Acquisition Challenge

“A lot of people think these banks have got lots of excess capital, and MUFG have talked about making this $8 billion acquisition in the U.S., but it isn’t obvious to me how they can do that,” said David Marshall, a credit analyst at CreditSights Inc. in Singapore. “They still can grow but I am not so sure they are so strongly placed to make really major acquisitions unless they raise some more capital.”

The renewed decline in the yen is a “mixed picture” for the banks as it also increases the value of overseas earnings, according to Marshall. Mitsubishi UFJ spent $5 billion to purchase Thailand’s Bank of Ayudhya Pcl in 2013, helping boost overseas revenue to 1.65 trillion yen that year, a 26 percent gain from the previous year.

Nobuyuki Hirano, the chief executive officer of Mitsubishi UFJ and chairman of the Japanese Bankers Association, said Sept. 18 that his bank seeks to hedge overseas investments so they don’t affect its capital ratio. The good and bad effects of the weak yen will be different for each bank, he said.

Capital Ratios

Mitsubishi UFJ had an overall capital ratio of 15.53 percent at the end of its financial year in March, compared with 14.91 percent two years earlier. Sumitomo Mitsui’s ratio was 15.51 percent in March, down from 16.93 percent two years earlier, according to the bank. Zurich-based UBS AG’s total capital ratio rose to 22.2 percent at the end of last year, up five percentage points from the end of 2011, according to data compiled by Bloomberg.

Sumitomo Mitsui, which bought Royal Bank of Scotland Group Plc’s aviation division in 2012 for $7.3 billion, has boosted overseas loans by 23 percent in dollar terms to $175 billion as of June from before Abe’s term began, while Mizuho has increased that number by about 20 percent to $161.5 billion, reports by the companies show. Sumitomo Mitsui is Japan’s No. 2 bank by market value and Mizuho is the third-biggest lender.

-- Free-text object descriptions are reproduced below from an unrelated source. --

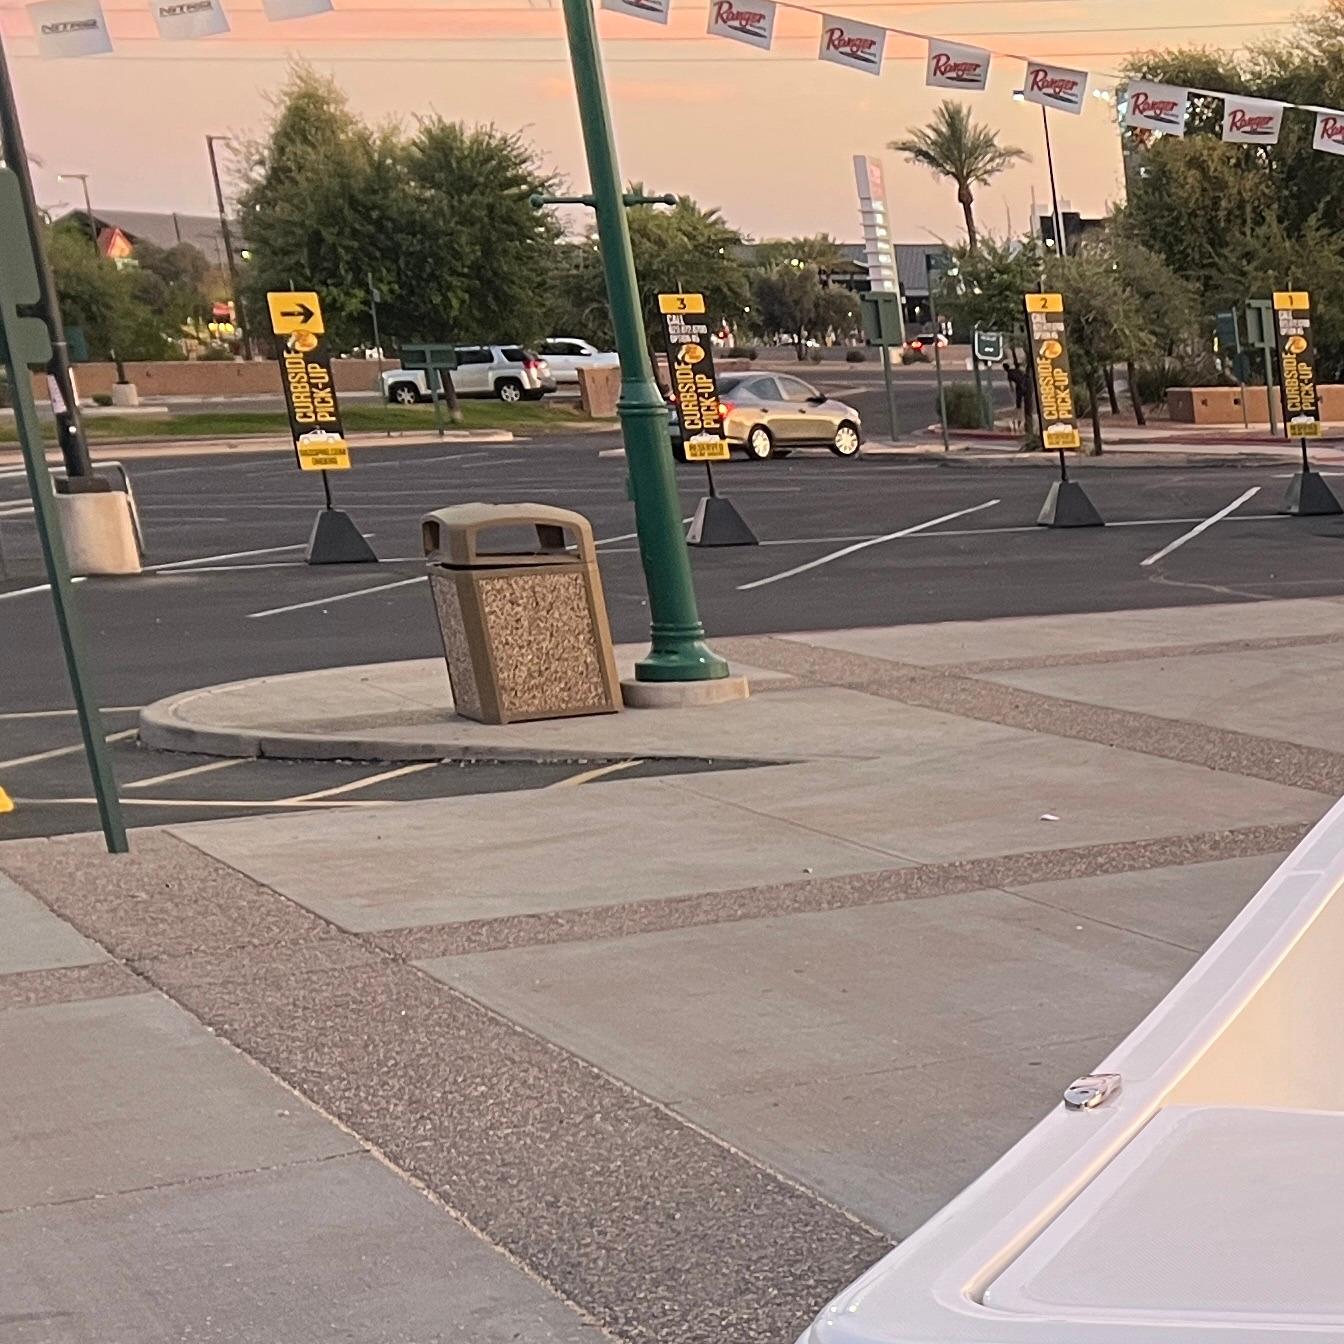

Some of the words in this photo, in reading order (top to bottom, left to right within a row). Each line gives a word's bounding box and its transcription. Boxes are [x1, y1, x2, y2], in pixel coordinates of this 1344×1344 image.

[714, 1, 766, 26] Ranger
[826, 27, 877, 53] Ranger
[932, 53, 982, 77] Ranger
[1030, 69, 1079, 94] Ranger
[1131, 92, 1178, 116] Ranger
[1228, 109, 1274, 132] Ranger
[676, 297, 687, 310] 3
[1040, 298, 1048, 309] 2
[1288, 295, 1294, 306] 1
[284, 350, 315, 423] CURBSIDE
[308, 363, 337, 422] PICK-UP
[674, 360, 702, 430] CURBSIDE
[1037, 356, 1058, 420] CURBSIDE
[1053, 368, 1073, 418] PICK-UP
[1282, 353, 1301, 411] CURBSIDE
[1298, 362, 1316, 410] PICK-UP
[695, 374, 720, 429] PICK-UP

Overseas lending made up 33 percent of Mitsubishi UFJ’s total loans compared with 24 percent in 2012. The bank, Mizuho and Sumitomo Mitsui are all rated A by Standard & Poor’s, its fifth-lowest investment grade and one level lower than HSBC Holdings Inc. Moody’s Investors Service rates Mitsubishi UFJ and HSBC’s largest bank units both at Aa3, its fourth-highest score.

Back Burner

“I wouldn’t call it a front-burner concern, it is probably a back-burner concern,” said Oliver Boulind, head of global credit at Aberdeen Asset Management Plc in London, on the impact of the weaker yen on megabanks’ capital ratios. “They will either have to build capital to support the overseas book or change the dynamic of the overseas book such that it compensates for the FX effect.”

The price of Mizuho’s 4.6 percent, Basel III-compliant bonds due 2024 dropped to 103.3 on Sept. 19, its lowest since June 13, according to data compiled by Bloomberg. Sumitomo Mitsui’s comparable 4.436 percent notes fell to 102.7 the same day, a three-month low.

Japan’s benchmark 10-year yield has fallen 22 basis points this year to 0.515 percent, as the central bank buys about 7 trillion yen of sovereign notes a month to spur inflation. The yen was at 108.96 per dollar as of 11:41 a.m. in Tokyo. A basis point is 0.01 percentage point.

UBS revised its forecast this month for the yen to fall to 115 against the dollar in the next 12 months from 107. The median estimate is for the Japanese currency to weaken to 111 next year, according to data compiled by Bloomberg.

“Anything translated back into yen now, positive or negative, has a bigger impact,” said Graeme Knowd, an associate managing director who oversees corporate and financial institutions at Moody’s in Tokyo. The megabanks “are adequately capitalized but the question is do they have enough capital to go out and add risk? They don’t have a lot of excess.”